Welcome Our New Pulpwood Authors!
The widely anticipated debut novel by Julia Brewer Daily is a glimpse into the lives of women forced by society to gift their newborns to strangers. Although this novel is a fictional account, it mirrors many of the adoption stories of its era.
When three young unwed women meet at a maternity home hospital in New Orleans in 1965, they are expected to relinquish their babies and return home as if nothing transpired. Twenty-five years later, they are brought back together by blackmail and their secrets threatened with exposure—all the way to the White House.
Told from the three women’s perspectives in alternating chapters, we are mesmerized by the societal pressures on women in the 1960s who find themselves pregnant without marriage.
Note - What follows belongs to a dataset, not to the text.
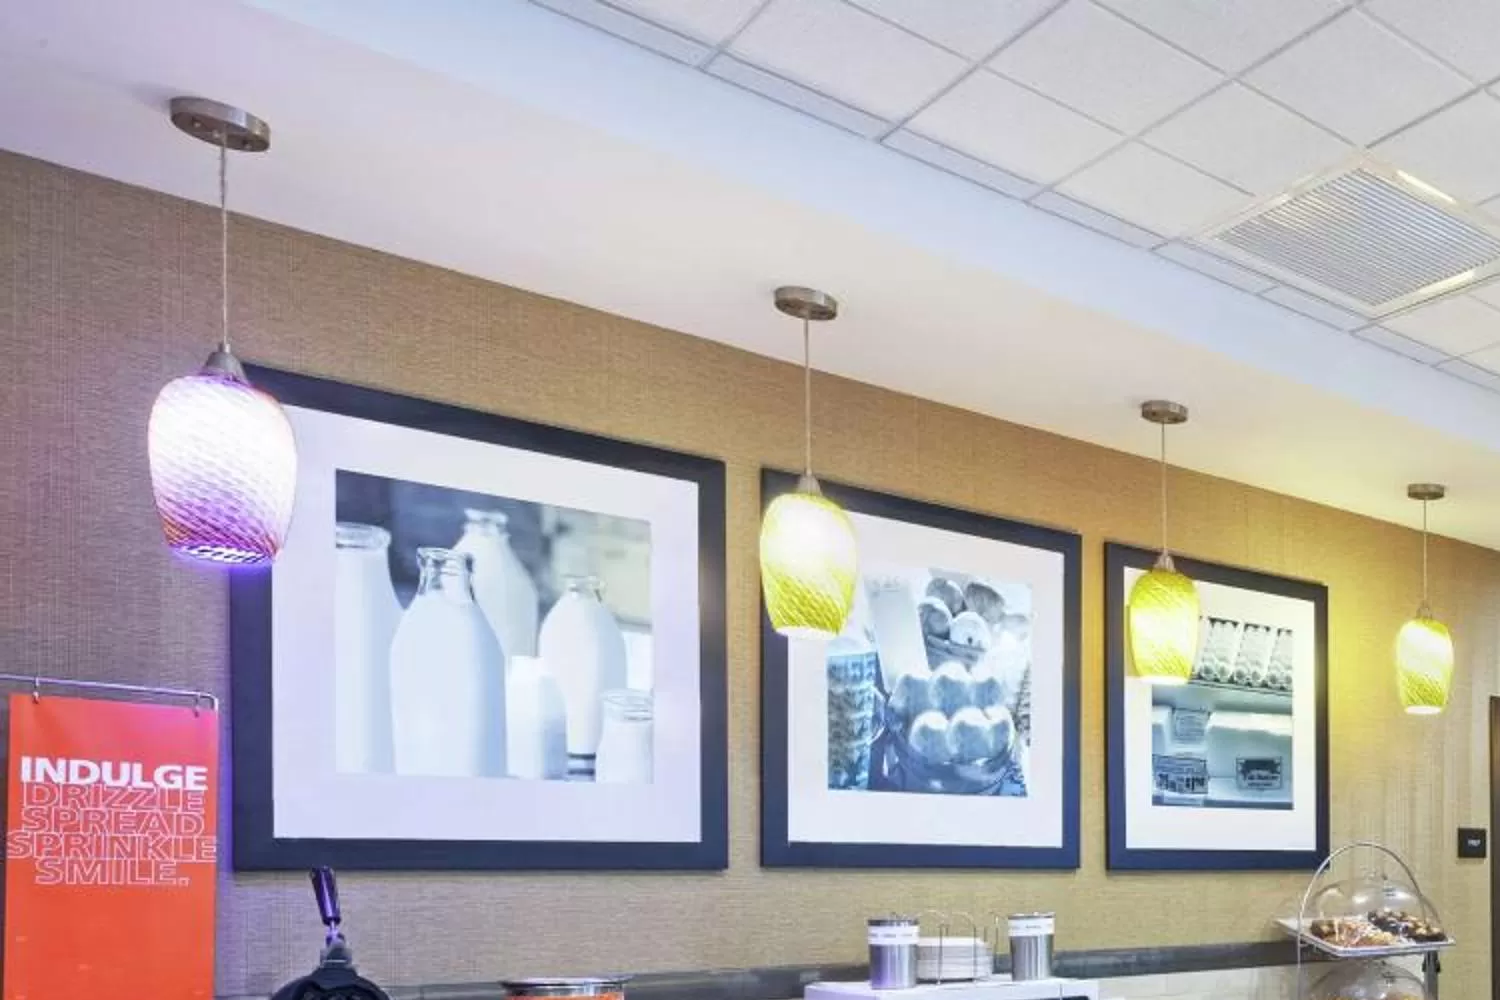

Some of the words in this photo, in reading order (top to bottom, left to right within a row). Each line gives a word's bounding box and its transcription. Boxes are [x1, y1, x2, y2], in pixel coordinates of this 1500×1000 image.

by Author Julia Brewer Daily
Click here to visit her website
I Jonathan, A Charleston Tale of the Rebellion
A young stranger from Boston is marooned in Charleston just as the Civil War begins. His relationships with working men and women, slaves, merchants, planters, spies, inventors, soldiers, sweethearts and musicians tell the story of a dynamic culture undergoing its greatest challenge.
“I wanted to tell a personal story built on the framework of history,” says author George WB Scott, “and the real story is Charleston’s challenges and experience in the war. The book is pro-South, but not pro-Confederate. It’s anti-war and anti-slavery. I wanted to go beyond stock characters and themes. I hope this encourages readers to reflect on a people who lived through a fundamental change of their society.”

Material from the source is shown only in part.